Sisters, secrets, sorrow, and devotion: Evening is a short novel, heartbreaking and funny, about the complicated love between two sisters, one mourning the other. Eve, the narrator, returns home from New York to Toronto for the funeral and shiva of her older sister, Tam, a famous Canadian TV journalist who has died in her thirties, far too young. Full of contradiction, Eve struggles with ambition and romance. even during shiva. Tam was devotedly married, fiercely successful, disdaining what she viewed as Eve’s inability to choose, whether in work or love. But all of Eve’s assumptions will be undone by what she discovers over these shiva days. On the morning after the funeral, Eve learns the first of the secrets that will overturn her view of her family and her future. Then there is Laurie, Eve’s great first love, who suddenly appears in the shiva house. Eve knows something will happen, but so, within her, does Tam, whose wisecracks and scorn accompany Eve as a voice in her head during this week of grief and transformation.
Evening: A Novel
Discussion Questions
Courtesy of Nessa Rapoport and Counterpoint
- Evening opens with Nana’s aphorism, “One loves, the other is loved.” How true is Nana’s claim about her own life or the lives of Eve and Tam?

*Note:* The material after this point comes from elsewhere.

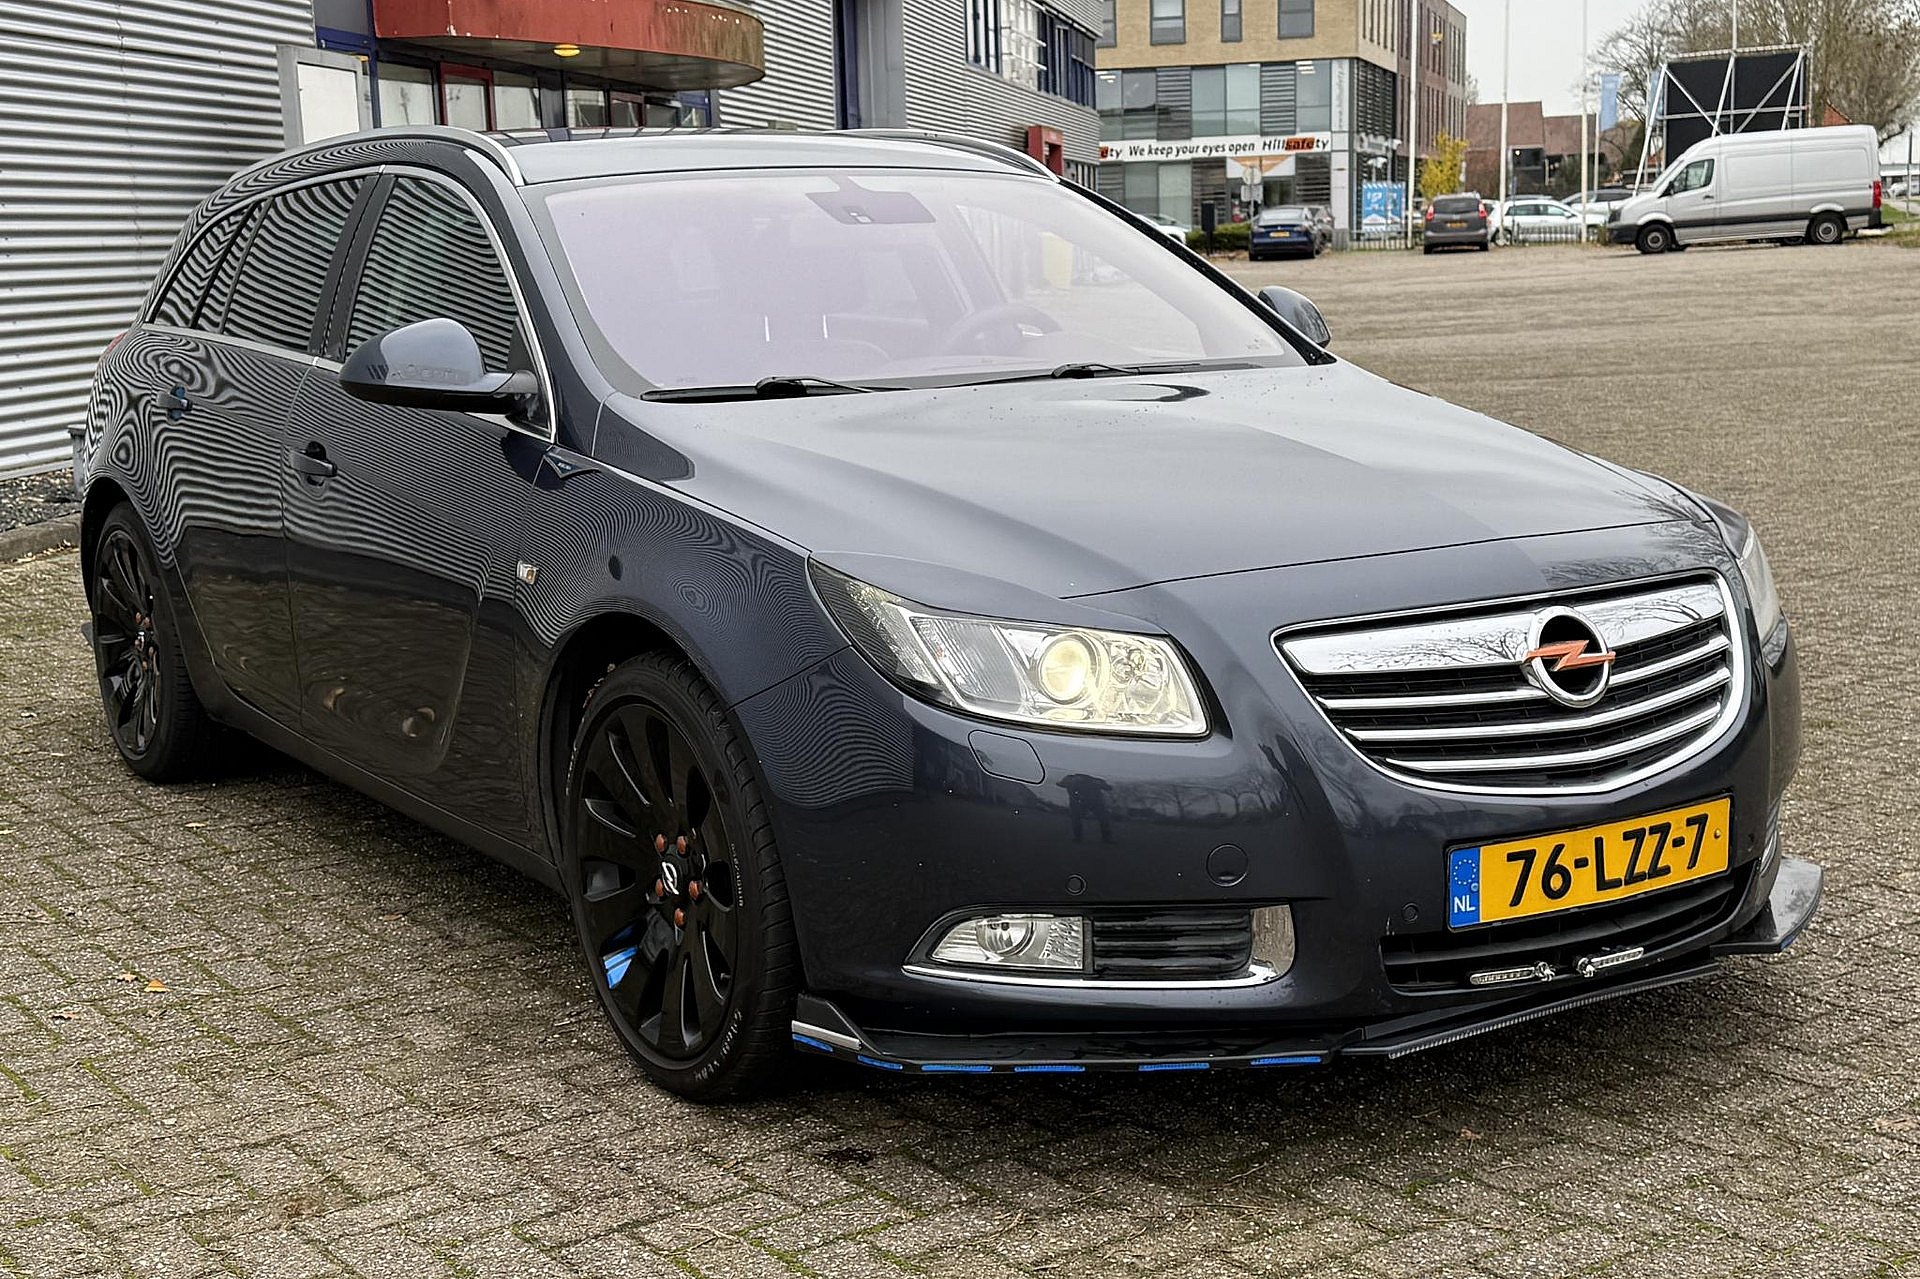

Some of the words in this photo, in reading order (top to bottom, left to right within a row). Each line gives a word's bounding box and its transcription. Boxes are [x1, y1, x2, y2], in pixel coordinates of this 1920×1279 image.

Do you agree with her assertion? Have you inherited sayings from your family about the nature of love?
- Visitors to the shiva perceive Tam as having everything and Eve as being inevitably jealous of her. Yet Eve states strongly that she is not — and never has been. What are the terms of Eve and Tam’s relationship at the start of the novel, and how does the issue of jealousy change over the course of the story?
- In what ways do the meaning and time frame of the ritual of shiva determine the events of Evening and the emotional growth of its characters?
- “Do all people have one story that haunts them throughout their lives?” Eve asks (p. 7). In addition to Eve and Tam, there is a second dyad of sisters — Nana and Nell. How does Nell’s life shape Nana’s view of love and its risks? How does Nana impose it on her judgment of Eve?
- Evening is suffused with family secrets. Eve’s perspective is “I have always been intrigued by what is hidden” (p. 29). But for Nana: “Some stones are best left unturned” (p. 30). What are the advantages and losses to keeping or revealing secrets within Eve’s family?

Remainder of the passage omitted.